BEGIN Data extract

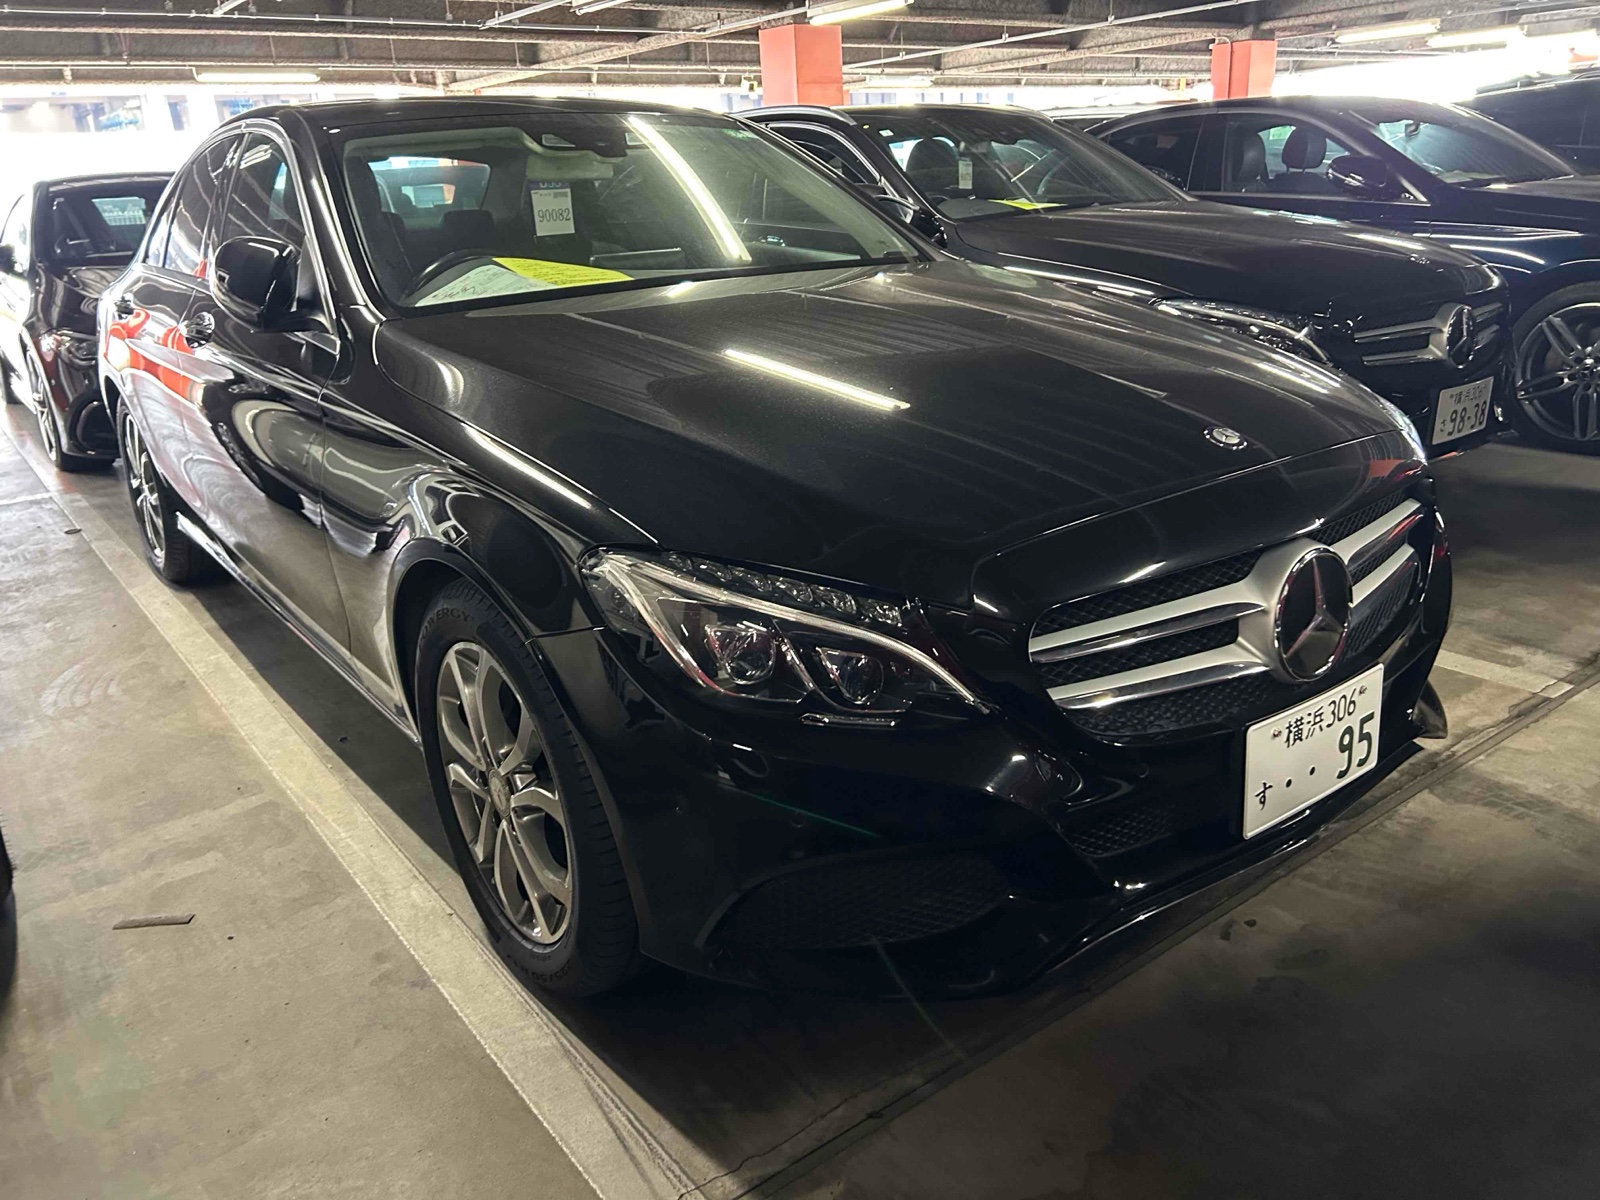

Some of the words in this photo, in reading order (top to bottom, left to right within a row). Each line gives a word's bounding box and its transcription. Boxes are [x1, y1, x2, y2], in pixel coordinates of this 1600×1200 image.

[537, 207, 571, 223] 90082
[1447, 400, 1487, 436] 98-38
[1255, 782, 1273, 810] す
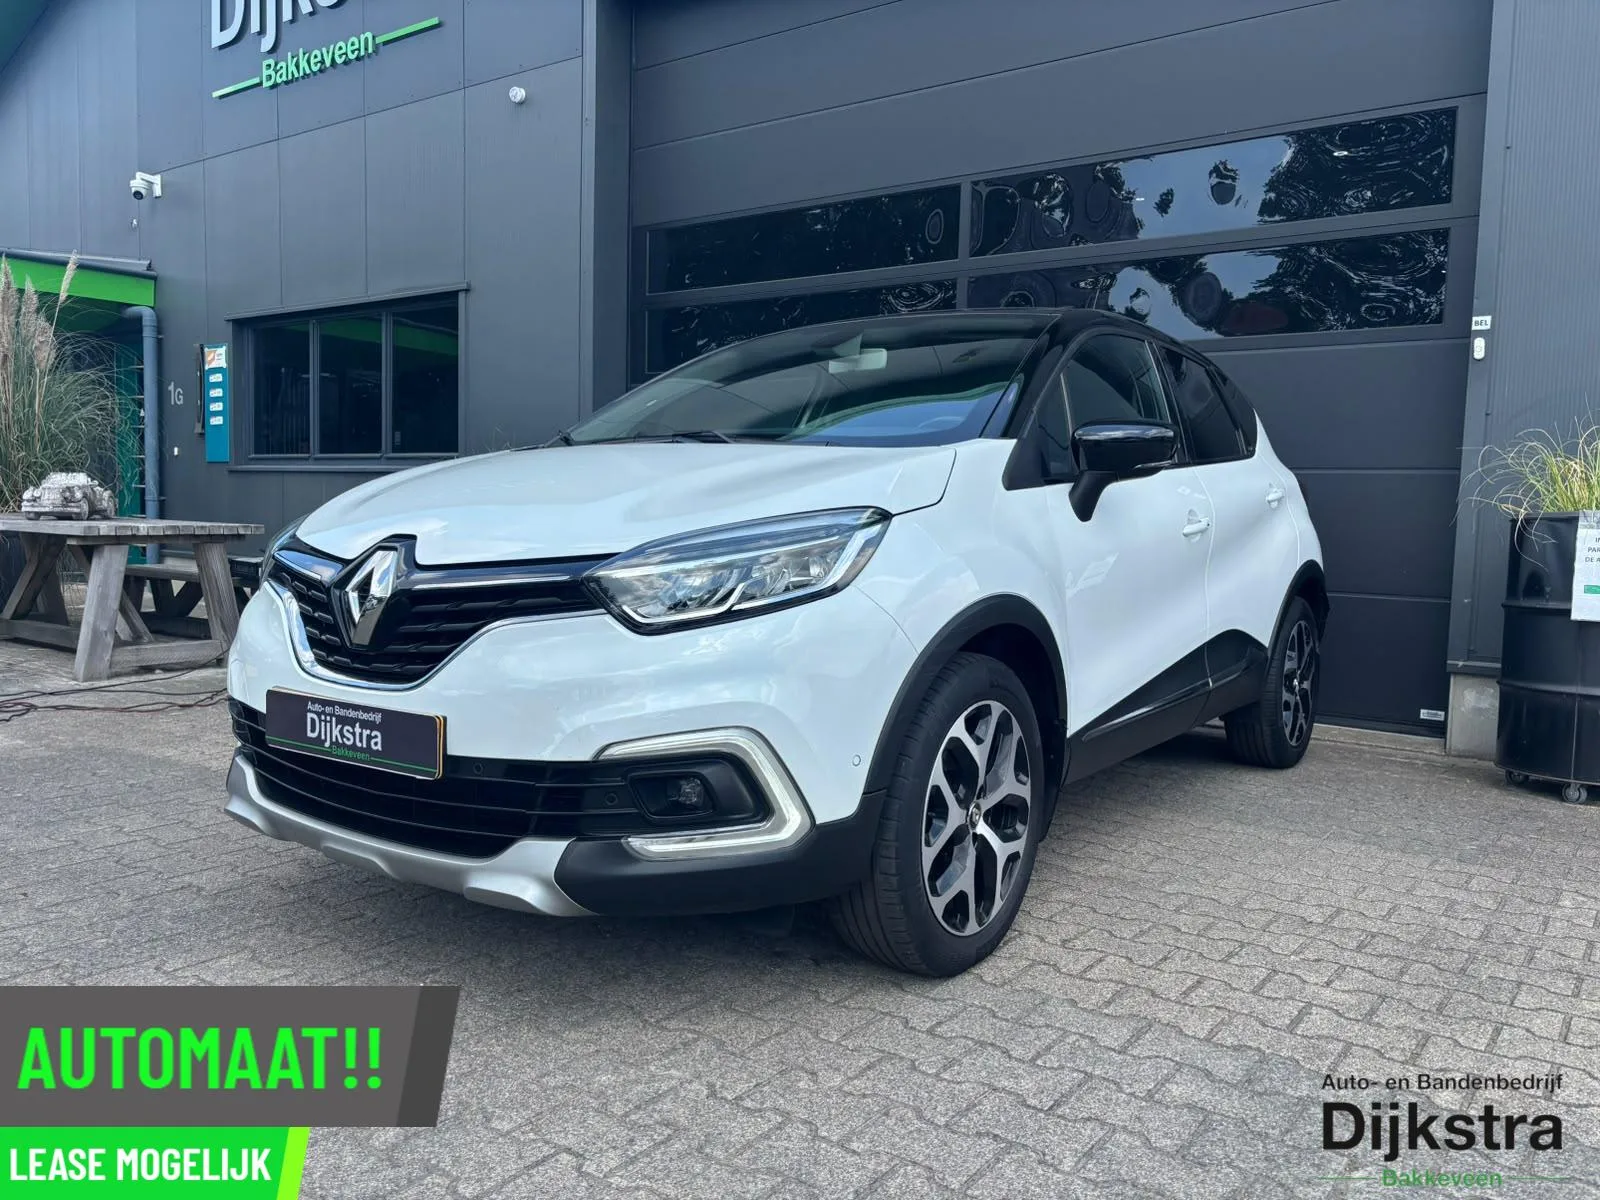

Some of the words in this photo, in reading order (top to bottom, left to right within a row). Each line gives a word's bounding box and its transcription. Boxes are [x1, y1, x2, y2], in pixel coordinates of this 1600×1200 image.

[262, 31, 374, 88] Bakkeveen
[1474, 319, 1488, 327] BEL
[168, 381, 184, 405] 1G
[307, 700, 325, 712] Auto-
[325, 705, 334, 714] en
[334, 705, 382, 725] Bandenbedrijf
[306, 712, 383, 751] Dijkstra
[332, 745, 370, 761] Bakkeveen

END Data extract

=== What you will do ===
If a record above holds a picture, leave the picture out and write out everything else exactly.

=== Solution for this problem ===
Some of the words in this photo, in reading order (top to bottom, left to right within a row). Each line gives a word's bounding box and its transcription. Boxes are [x1, y1, x2, y2], in pixel coordinates of this 1600×1200 image.

[537, 207, 571, 223] 90082
[1447, 400, 1487, 436] 98-38
[1255, 782, 1273, 810] す

Some of the words in this photo, in reading order (top to bottom, left to right within a row). Each line gives a word's bounding box and its transcription. Boxes are [x1, y1, x2, y2], in pixel coordinates of this 1600×1200 image.

[262, 31, 374, 88] Bakkeveen
[1474, 319, 1488, 327] BEL
[168, 381, 184, 405] 1G
[307, 700, 325, 712] Auto-
[325, 705, 334, 714] en
[334, 705, 382, 725] Bandenbedrijf
[306, 712, 383, 751] Dijkstra
[332, 745, 370, 761] Bakkeveen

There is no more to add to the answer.